Scott Dixon arrumou um pódio no fim (Foto: Indycar)
Cada um com uma realidade diferente em Long Beach, cada um com uma trajetória diferente em 2019, mas os resultados conquistados por Newgarden, Dixon e Rossi, além da performance e do potencial de cada um, já indicam que a briga pelo caneco não deve escapar dali.
 
Apesar do enrosco com Dixon, Graham Rahal tem se fortalecido como 'quarta via'. Em Long Beach, voltou a andar bem e, mesmo punido, foi o quarto colocado. Não fosse o abandono em Barber, Graham estaria coladinho nos ponteiros. Deve se recuperar e, talvez, até acabe atrapalhando um pouco o trio. Da Califórnia, ficam as queixas pela punição por bloquear o neozelandês.
 
"Não é tão difícil de engolir, perderíamos a posição mesmo assim, meus pneus estavam gastos. Não tinha aderência nos freios, mas me movi o mais rápido possível e dei espaço pra ele. Nas regras, você pode fazer o seu movimento, que foi o que fiz na saída da curva, foi isso. Vamos discutir com os comissários. Não estou totalmente chateado por conta disso, foi um bom dia, nosso carro não era ótimo, mas nos esforçamos muito, é o que posso fazer. Fechei ele? Sim, eu fechei. Mas você pode fechar nessa categoria", comentou Graham.
Graham Rahal fez uma bela corrida (Foto: Indycar)
Quem certamente não estará em grandes disputas no ano é a Foyt, pelo menos em mistos e nas ruas.
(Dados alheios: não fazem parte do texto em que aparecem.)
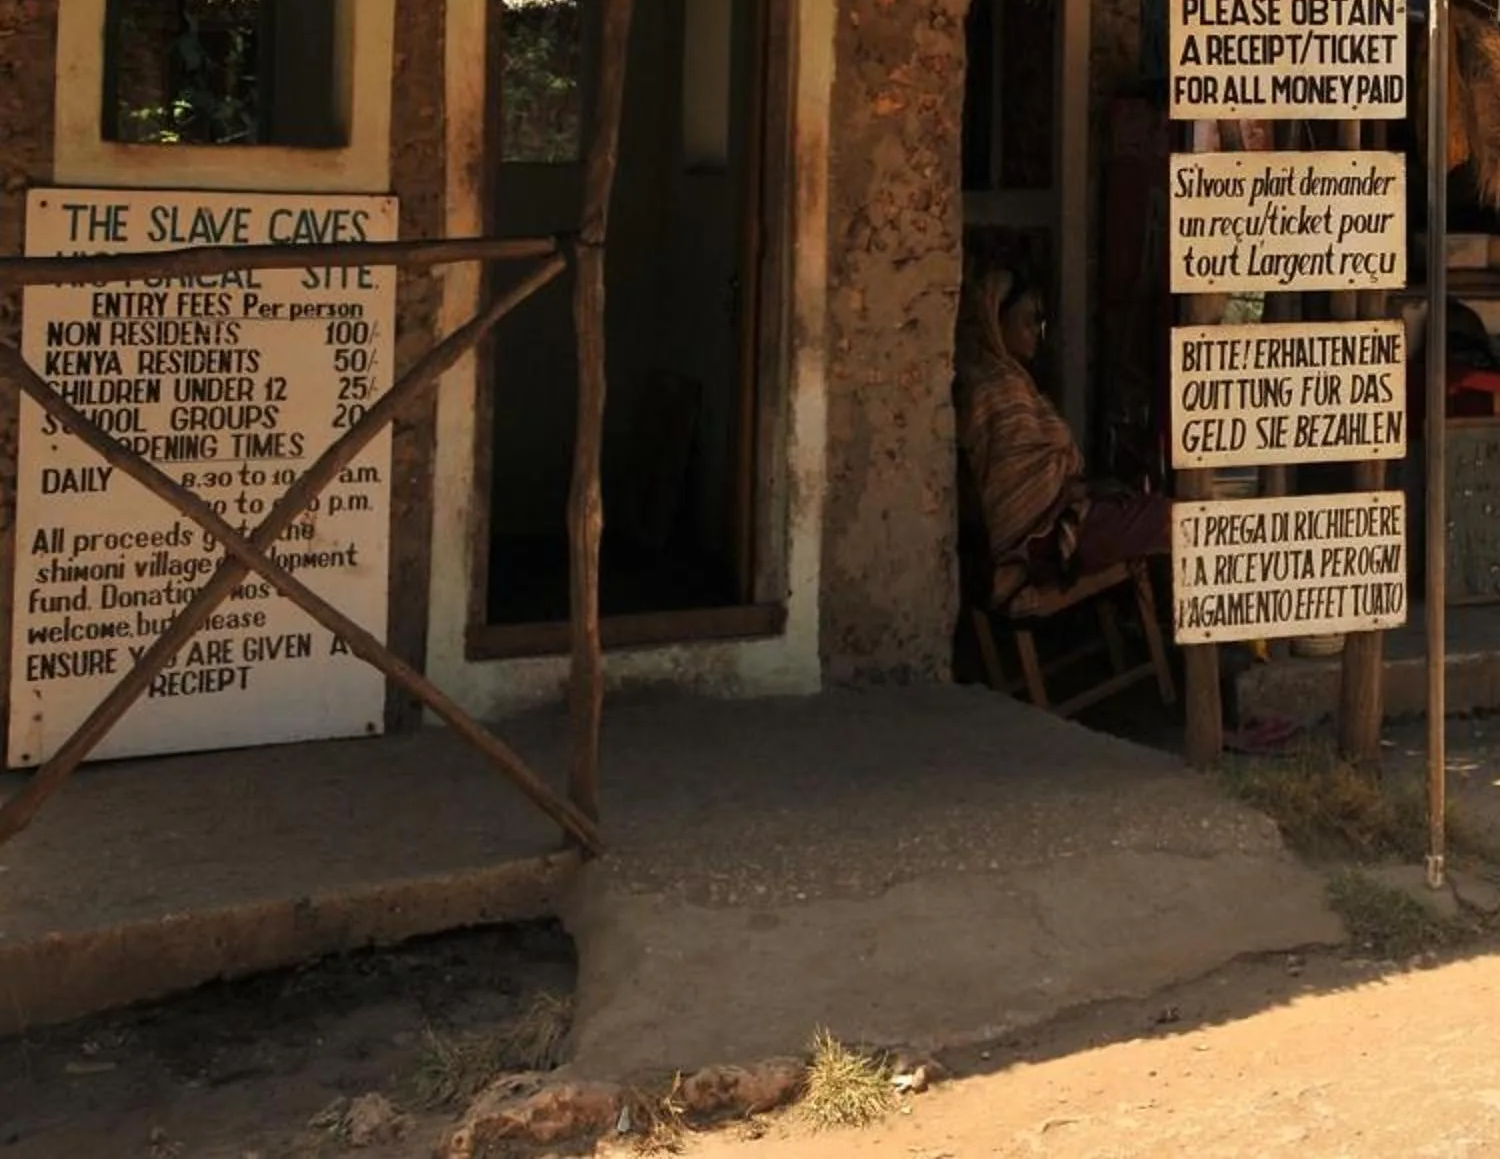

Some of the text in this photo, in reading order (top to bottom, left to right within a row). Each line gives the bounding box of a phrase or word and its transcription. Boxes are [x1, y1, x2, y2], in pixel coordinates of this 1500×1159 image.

Em mais uma corrida complicadíssima, o time viu Matheus Leist ser acertado na largada e teve um Tony Kanaan com dores em Long Beach. O gaúcho foi 15º e o baiano foi 19º.
 
"Se olharmos o fim de semana, nosso resultado não foi ruim comparado aos treinos livres e classificação. Não é onde queríamos estar, não posso ficar feliz com o 15º, mas talvez seja um caminho para avançar para as próximas corridas procurando melhorar o carro o máximo que pudermos, especialmente para os circuitos mistos e de rua, onde estou tendo mais dificuldades. Estou ansioso para maio, mais do que animado. Sabemos que temos um bom carro para a Indy 500. Vamos com tudo", afirmou Matheus.
 
"Estou bem fisicamente, mas me sinto mal porque não conseguimos o resultado. Precisamos achar algo. Muito decepcionante. Eu estava bem. Minhas lesões foram os menores dos meus problemas, com certeza", resumiu Tony.